_DATA FOR ANALYSIS_
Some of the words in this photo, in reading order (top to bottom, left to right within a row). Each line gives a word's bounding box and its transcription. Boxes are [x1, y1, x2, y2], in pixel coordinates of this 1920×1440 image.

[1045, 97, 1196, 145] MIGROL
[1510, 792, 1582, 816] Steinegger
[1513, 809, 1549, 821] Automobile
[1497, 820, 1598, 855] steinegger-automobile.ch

_WORK REQUEST_
Your answer must be every record above, retyped exactly.

_RESPONSE TO THE EXERCISE_
Some of the words in this photo, in reading order (top to bottom, left to right within a row). Each line gives a word's bounding box and its transcription. Boxes are [x1, y1, x2, y2], in pixel coordinates of this 1920×1440 image.

[1045, 97, 1196, 145] MIGROL
[1510, 792, 1582, 816] Steinegger
[1513, 809, 1549, 821] Automobile
[1497, 820, 1598, 855] steinegger-automobile.ch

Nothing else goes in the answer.